What the task asks ->
Retype each entry exactly. Skip any pictures.

Records for this task ->
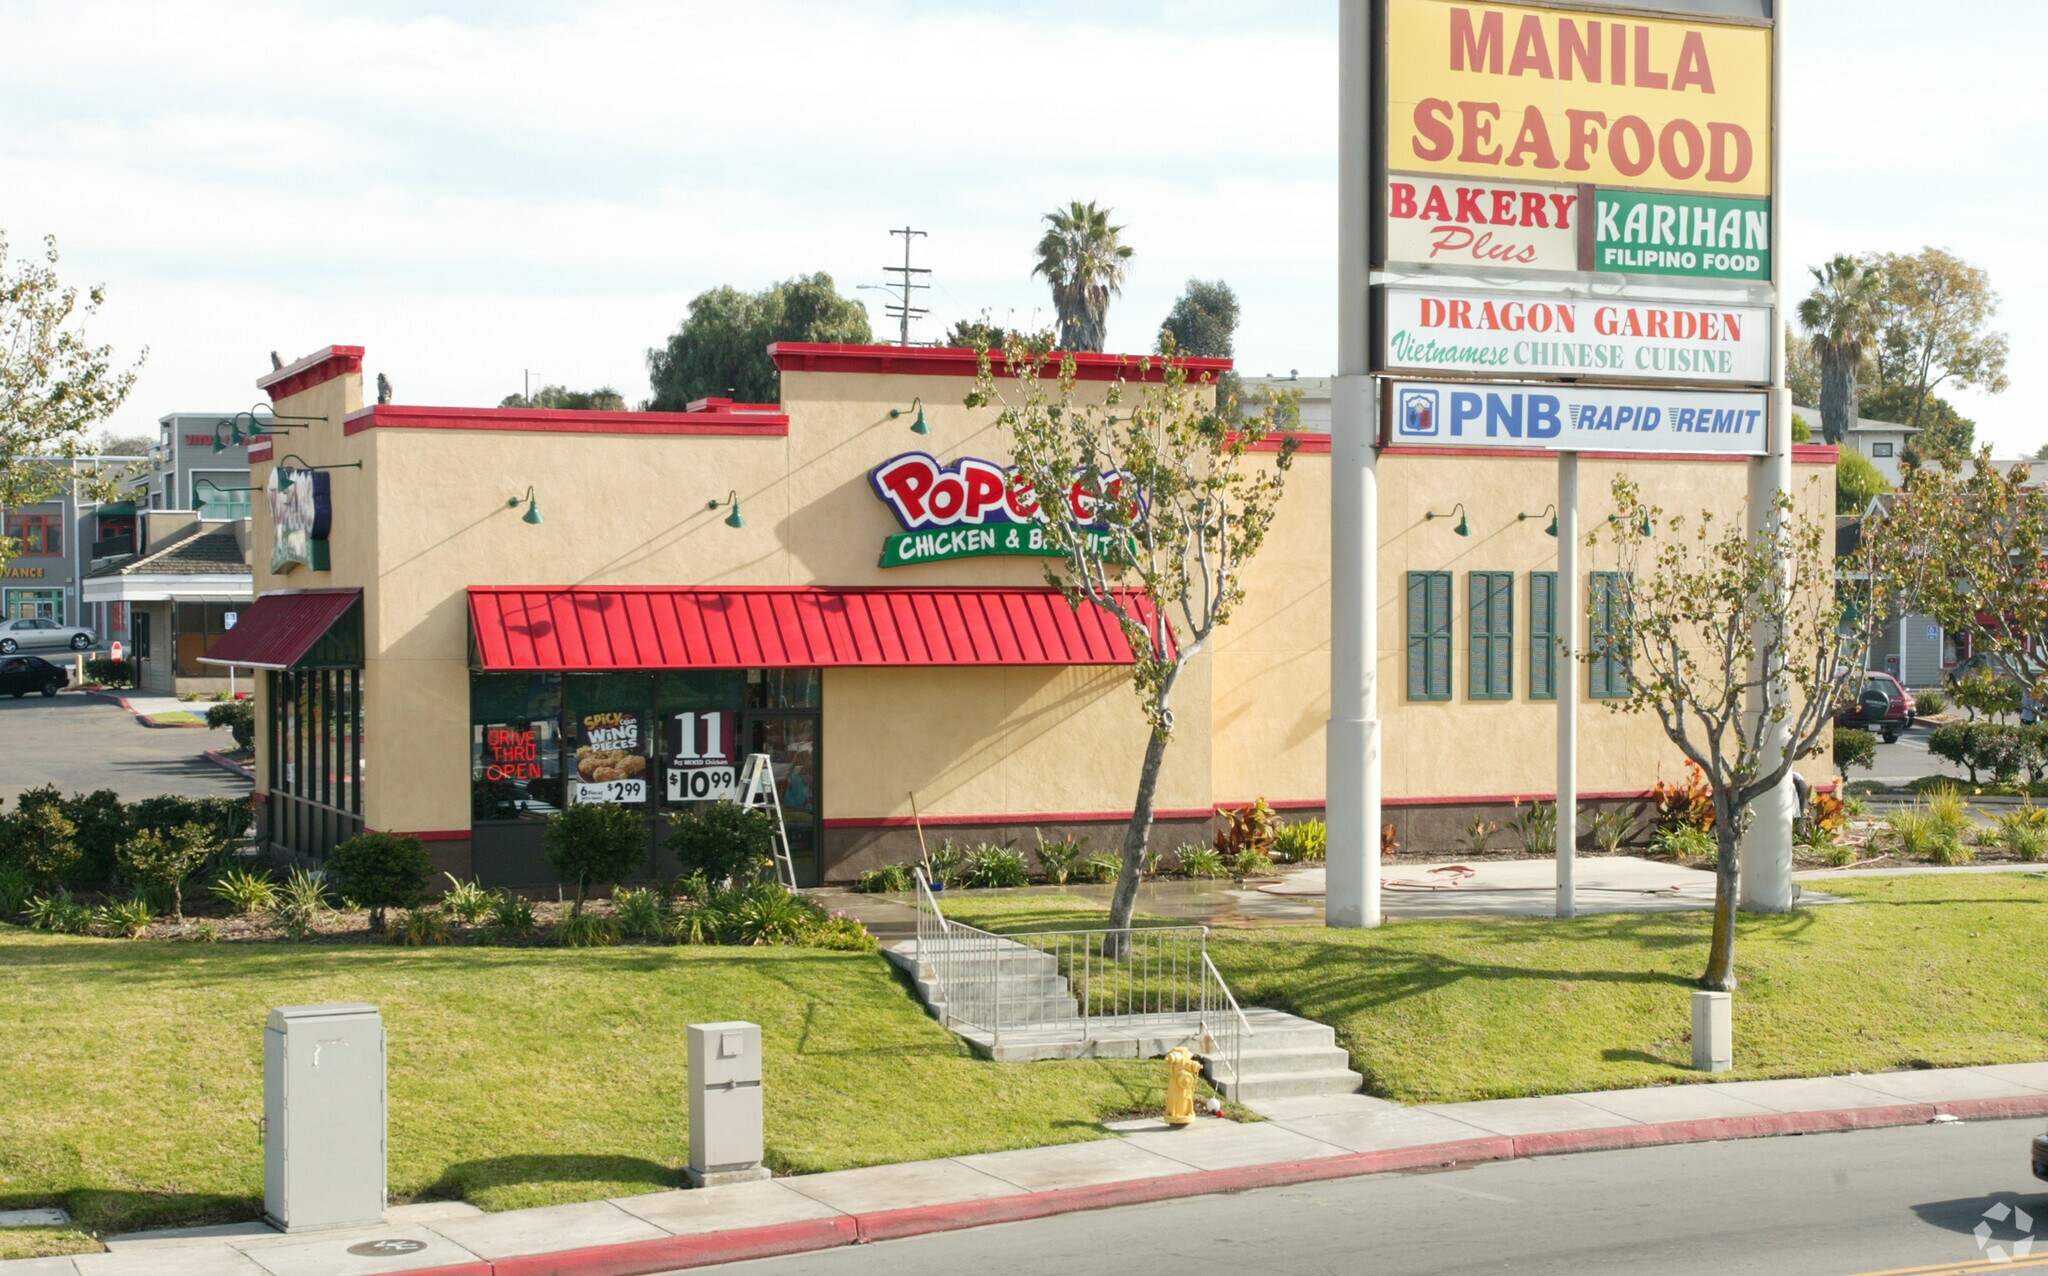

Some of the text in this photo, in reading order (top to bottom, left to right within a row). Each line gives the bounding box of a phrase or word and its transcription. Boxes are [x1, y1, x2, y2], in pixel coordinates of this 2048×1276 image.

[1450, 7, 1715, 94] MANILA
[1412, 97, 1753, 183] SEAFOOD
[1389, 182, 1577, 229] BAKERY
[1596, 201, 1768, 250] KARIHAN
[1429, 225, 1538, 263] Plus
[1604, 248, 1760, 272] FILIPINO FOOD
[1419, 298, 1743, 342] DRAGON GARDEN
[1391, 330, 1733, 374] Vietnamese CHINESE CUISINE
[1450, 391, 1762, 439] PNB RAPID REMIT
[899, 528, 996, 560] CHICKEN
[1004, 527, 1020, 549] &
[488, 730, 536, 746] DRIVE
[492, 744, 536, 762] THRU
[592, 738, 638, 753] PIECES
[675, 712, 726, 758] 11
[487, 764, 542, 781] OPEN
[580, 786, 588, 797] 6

Output ->
Some of the text in this photo, in reading order (top to bottom, left to right within a row). Each line gives the bounding box of a phrase or word and its transcription. Boxes are [x1, y1, x2, y2], in pixel coordinates of this 2048×1276 image.

[1450, 7, 1715, 94] MANILA
[1412, 97, 1753, 183] SEAFOOD
[1389, 182, 1577, 229] BAKERY
[1596, 201, 1768, 250] KARIHAN
[1429, 225, 1538, 263] Plus
[1604, 248, 1760, 272] FILIPINO FOOD
[1419, 298, 1743, 342] DRAGON GARDEN
[1391, 330, 1733, 374] Vietnamese CHINESE CUISINE
[1450, 391, 1762, 439] PNB RAPID REMIT
[899, 528, 996, 560] CHICKEN
[1004, 527, 1020, 549] &
[488, 730, 536, 746] DRIVE
[492, 744, 536, 762] THRU
[592, 738, 638, 753] PIECES
[675, 712, 726, 758] 11
[487, 764, 542, 781] OPEN
[580, 786, 588, 797] 6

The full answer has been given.